Not long ago I read Ursula K. LeGuin’s The Lathe of Heaven, and it disappointed me, among other reasons, because it put so much weight on the “science” half of science-fiction. I felt as if throughout the novel, she was trying to appease the doubters, the critics who question whether ‘speculative literature’ ever has a claim to be taken seriously.

Lem is doing the exact opposite. His space hero, Ijon Tichy, is a goofy stand-in for the free play of imagination. He’s a space explorer who, using technology as ever-changing as the campy Batman of the 1960s, ventures on one silly adventure after another.

The first of the adventures should be more than enough to hook anyone. Tichy is flying through a distant galaxy when he discovers that the equivalent of his space-rudder has jammed. He then finds that, to fix it, he will need a second pair of hands, one to hold the item in place and the other to tighten the wrench.

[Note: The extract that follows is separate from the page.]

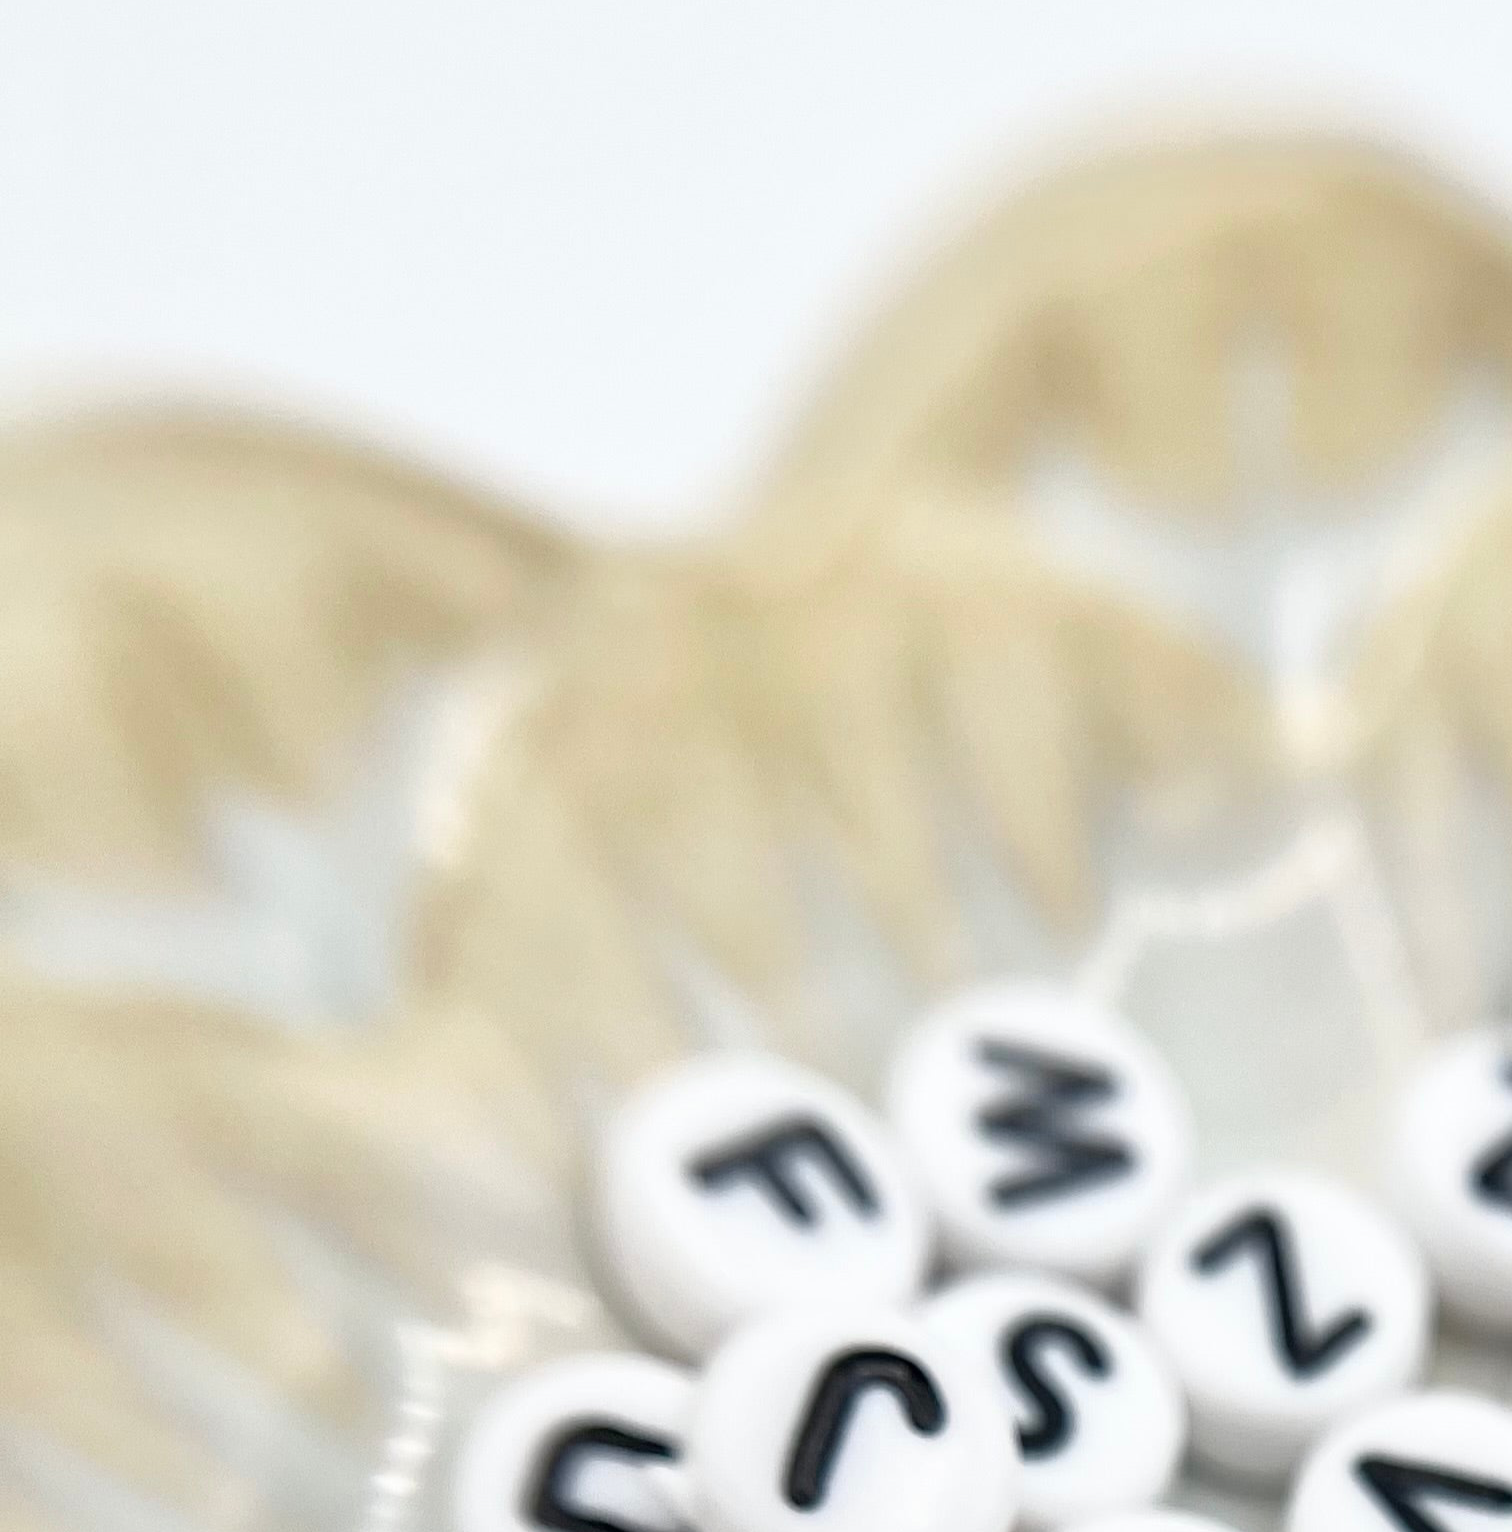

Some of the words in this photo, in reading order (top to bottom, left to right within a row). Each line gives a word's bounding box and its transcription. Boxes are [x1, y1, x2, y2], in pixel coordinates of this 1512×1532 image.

Alone, and in despair, he takes a nap only to be awakened by himself – a version of himself from the future a day in advance. It turns out (with the sort of vague reference to science that LeGuin would have found beneath her) that his ship is approaching the speed of light as it nears a star, and that has put him into a time loop.

Lem might have left us to wonder at his cleverness, but he takes things much further. Tichy at first refuses to trust his future self. Then, when later opportunities arise, he constantly frustrates his efforts to fix the space ship. He gets into fights, ambushes himself, anticipates what he will soon want to do but guesses wrong, and finally forms a kind of parliament of all his future selves on the ship.

Silly as such a story is, though, it’s simultaneously allegorical in at least two dimensions.

The dimension that’s more readily accessible is biting. At the same time as the entire book is a celebration of the capacity of the human imagination (certainly as Lem exercises it), it’s a critique of our capacity to work together to solve our problems. The perpetual bete noir here is bureaucracy, the lumbering ways in which we attempt to order our mutual efforts. The second story for instance, has Tichy appointed as Earth’s delegate to an interstellar association of civilizations. When he arrives, though, the association has to go through a lengthy deliberative process, demanding reports on Earth’s good conduct.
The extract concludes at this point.